The revenue impact of tax-exempt bonds to the Federal Government is substantial.  TEB office management advised that the Department of the Treasury projects approximately $30 billion in tax revenue would be gained in Fiscal Year 2004 if the tax-exempt bonds were taxable.

In summary, TEB office management has taken steps to develop and implement the VCAP in accordance with “Voluntary Closing Agreement Program for Tax-Exempt Bonds” (Internal Revenue Service Notice 2001-60, issued October 1, 2001), and participation in the VCAP has increased over the first 2 years.  In addition, the TEB office is continuing to develop the Program to make the settlement process more effective, efficient, and consistent.  However, TEB office management does not know the overall levels of voluntary compliance for tax-exempt bonds and cannot determine the effect VCAP closures will have on voluntary compliance.  As a result, it is difficult for TEB office management to determine the extent of value this Program has had on the tax-exempt bond industry compliance levels.

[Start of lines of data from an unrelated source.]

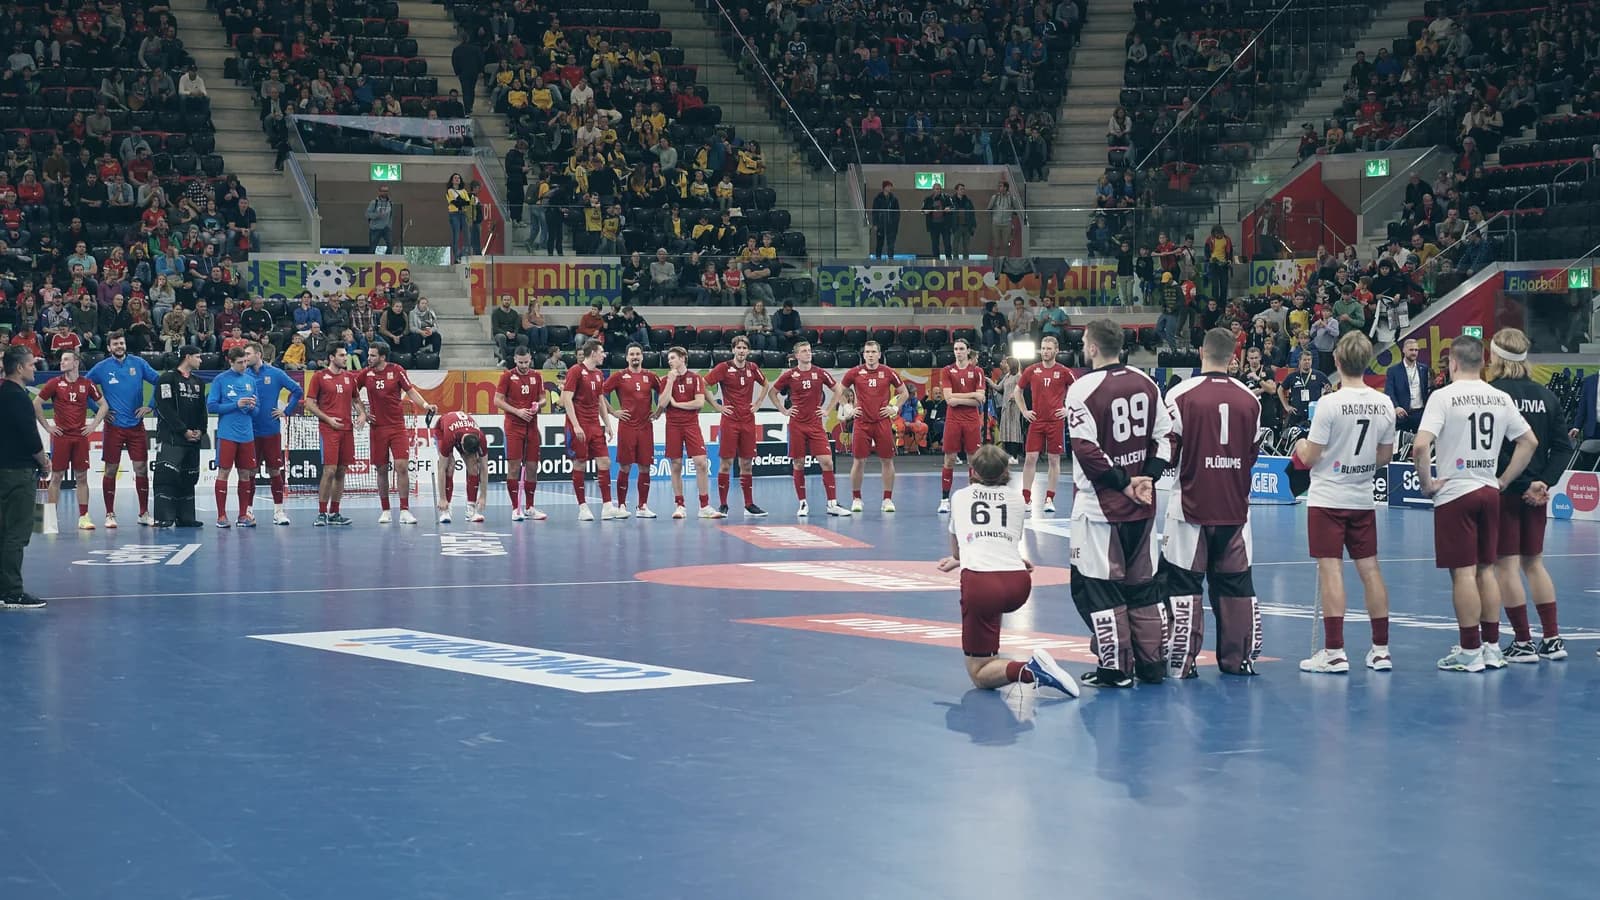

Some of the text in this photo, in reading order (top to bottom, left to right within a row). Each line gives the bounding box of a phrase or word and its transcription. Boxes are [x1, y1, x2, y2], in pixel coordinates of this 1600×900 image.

[1508, 275, 1562, 291] Floorball
[376, 380, 385, 389] 25
[522, 385, 530, 395] 20
[636, 382, 641, 391] 5
[69, 392, 77, 402] 12
[1111, 392, 1149, 443] 89
[1342, 404, 1387, 416] RAGOVSKIS
[1218, 403, 1229, 445] 1
[1468, 412, 1494, 450] 19
[1356, 419, 1370, 456] 7
[1205, 455, 1242, 470] PLŪDUMS
[972, 489, 1005, 501] ŠMITS
[970, 501, 1007, 528] 61
[343, 634, 672, 680] CONCORDIA

We also determined that TEB office management attempts to increase the impact of the VCAP by performing education and outreach on noncompliance issues and is working with the IRS Office of Chief Counsel and the Department of the Treasury to make changes to the VCAP that should improve the timeliness and consistency of case processing.

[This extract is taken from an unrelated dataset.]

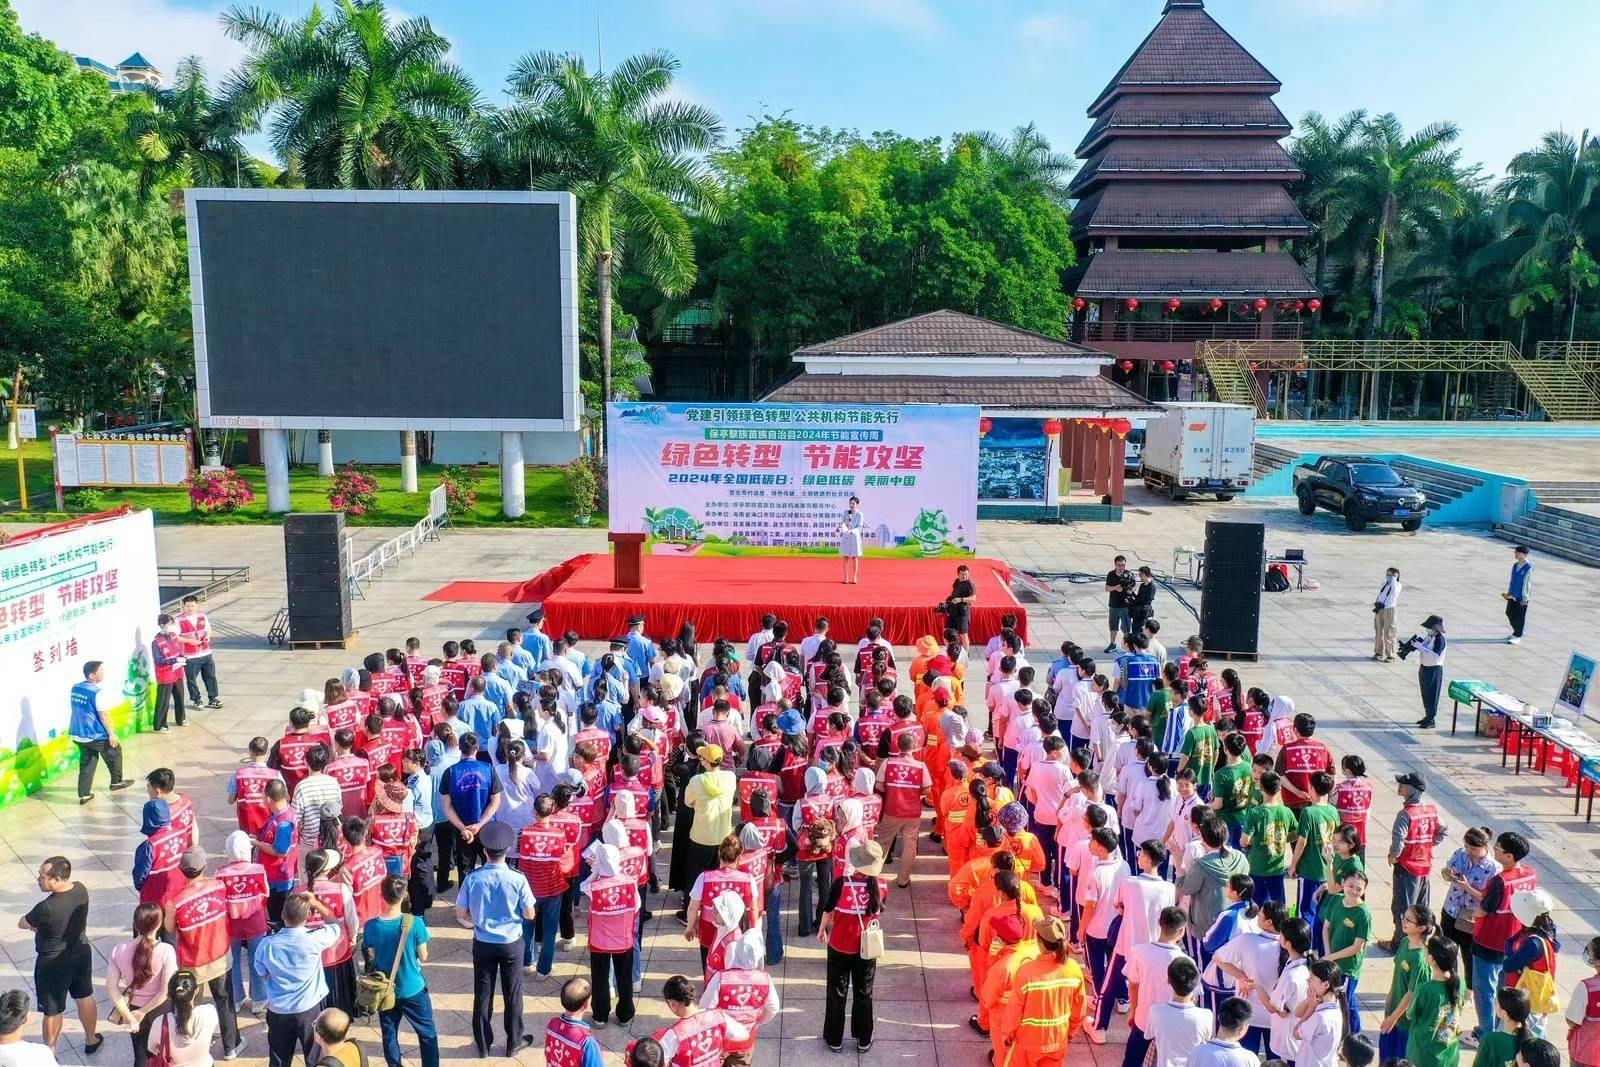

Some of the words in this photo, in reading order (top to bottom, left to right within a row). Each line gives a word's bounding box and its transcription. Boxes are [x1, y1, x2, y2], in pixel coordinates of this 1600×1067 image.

We recommended the Director, TEB, TE/GE Division, identify the data needed to adequately baseline tax-exempt bond noncompliance issues, coordinate with Modernization and Information Technology Services organization management to determine how these data could be tracked on current TEB office management information systems, and establish a process to collect and maintain these data.

Management’s Response:  The Commissioner, TE/GE Division, agreed with our recommendations and determined that all line items on TEB returns should be transcribed to the Business Master File.  TEB management, in coordination with Information Technology Services, determined that the data tracking process for risk assessments and noncompliance issues identified through examinations and the VCAP will be integrated into the TE/GE Reporting and Electronic Examination System (TREES).  Also, the TEB office’s process of collecting and maintaining the data will be integrated into the TREES.  Management’s complete response to the draft report is included as Appendix IV.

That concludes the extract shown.